Jak wytłumaczyć fakt, że mimo umacniającego się dolara, ceny surowców wspinają się na wyższe poziomy, chociaż powinno być odwrotnie? Analitycy opinie mają bardzo rozbieżne. A my mamy kolejny wzrost cen kukurydzy, pszenicy, soi i rzepaku. Drożeje tez ropa.
Ale wróćmy na rynek zbóż. Wczorajszą sesję na światowych parkietach kukurydza kończy z dwuprocentowym wzrostem. Pszenica po kilku dniach spadków, też idzie w górę. Jakie są więc najświeższe ceny?
Za oceanem notowania dla tego ziarna zamknęły się na poziomie 238 dolarów za tonę. Kukurydza kosztuje ponad 212 dolarów.
KONTRAKTY TERMINOWE XII’2010
CBOT $/t
pszenica 238,00
kukurydza 212,05
Drożej również na giełdzie Matif w Paryżu. Tu pszenica w kontraktach terminowych na styczeń przyszłego roku kosztuje 216 euro, a kukurydza prawie 206.

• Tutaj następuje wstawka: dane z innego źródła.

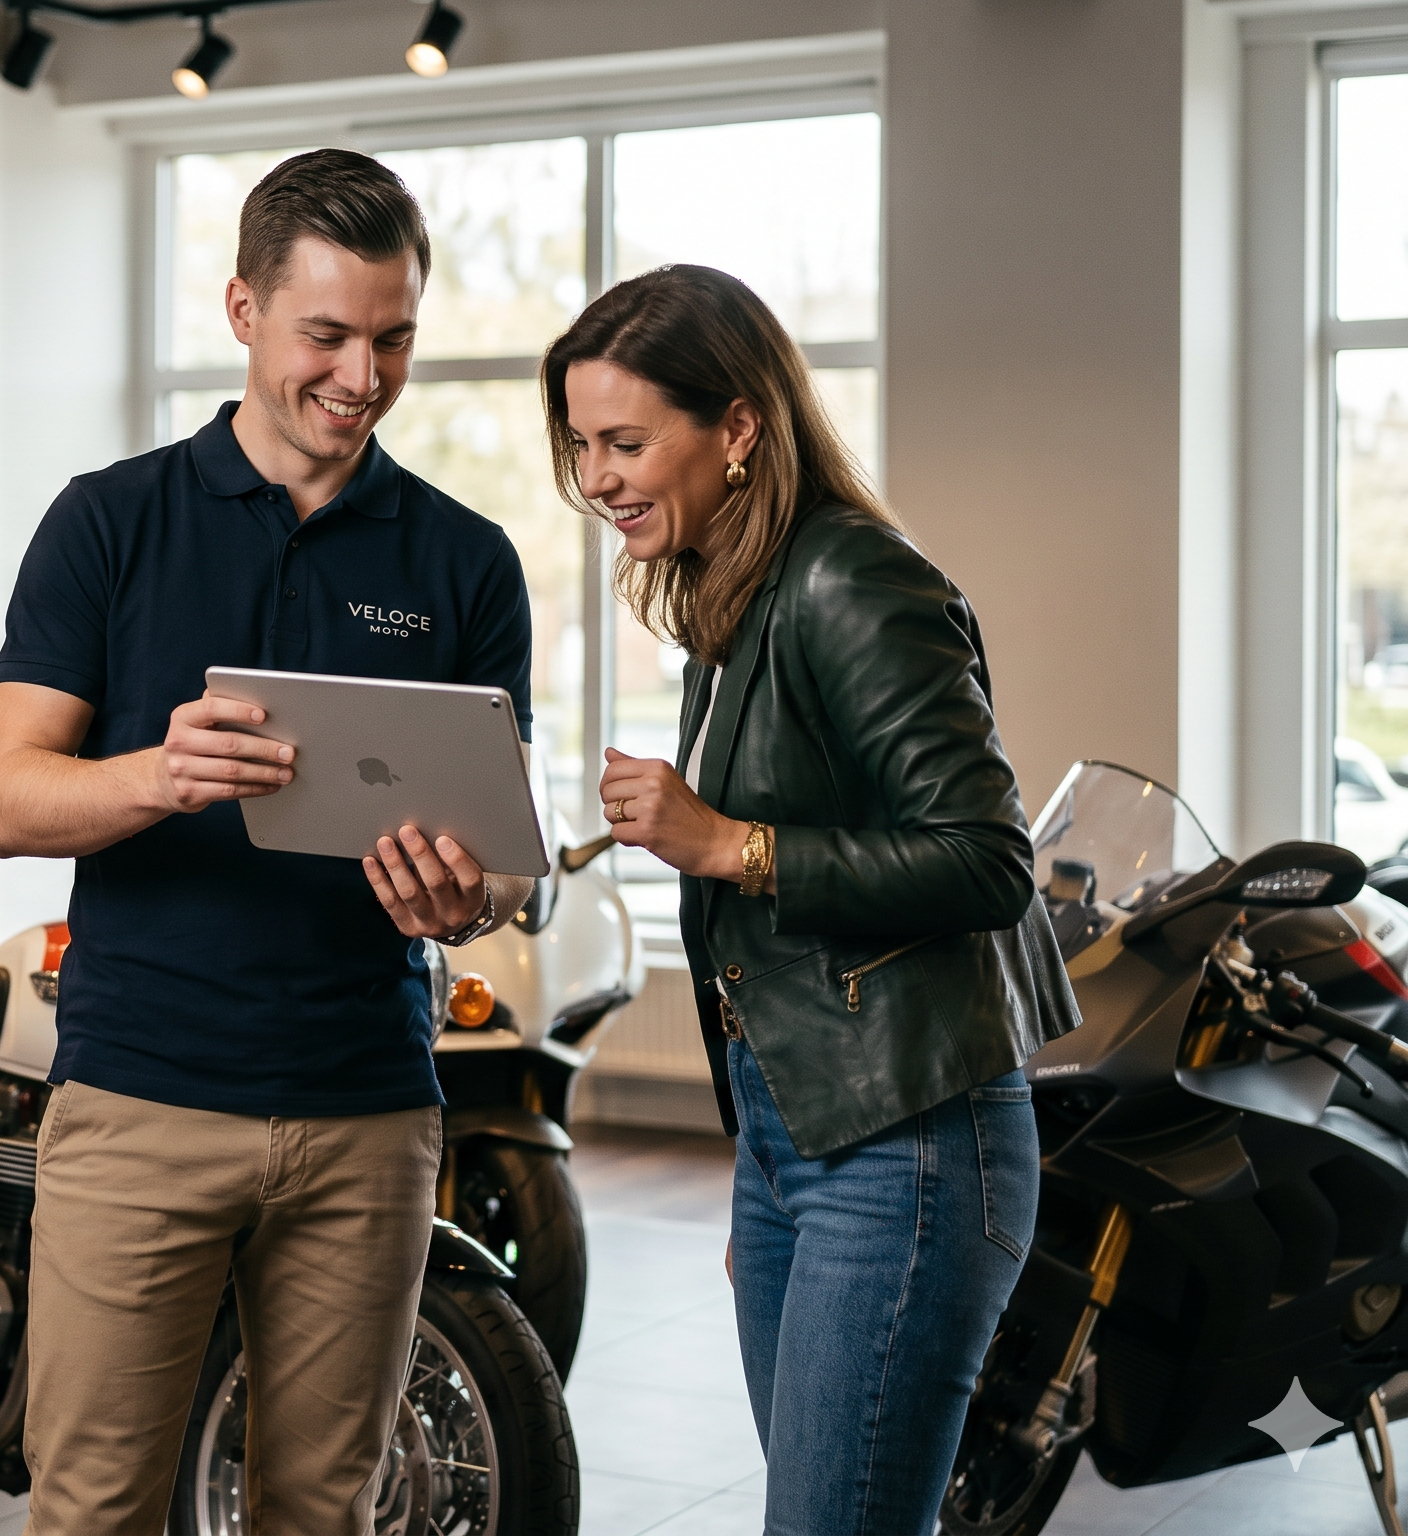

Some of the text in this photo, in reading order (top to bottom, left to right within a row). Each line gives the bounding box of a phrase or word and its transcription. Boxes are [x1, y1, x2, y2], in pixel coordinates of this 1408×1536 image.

[348, 601, 431, 632] VELOCE
[370, 625, 409, 638] MOTO
[1035, 1063, 1080, 1078] DUCATI

KONTRAKTY TERMINOWE I’2011
MATIF euro/t
pszenica 216,00
kukurydza 205,75
Tymczasem powodów do takich wzrostów cen nie widać. Schładzanie gospodarki w Chinach to przecież także mniejsze zapotrzebowanie na surowce. A to już wystarczający powód do przecen. Jeśli do tego dodać problemy Irlandii i wizję kłopotów w następnych państwach, można być prawie pewnym ,że rynek surowców powinien iść w dół. Powinien, ale nie idzie...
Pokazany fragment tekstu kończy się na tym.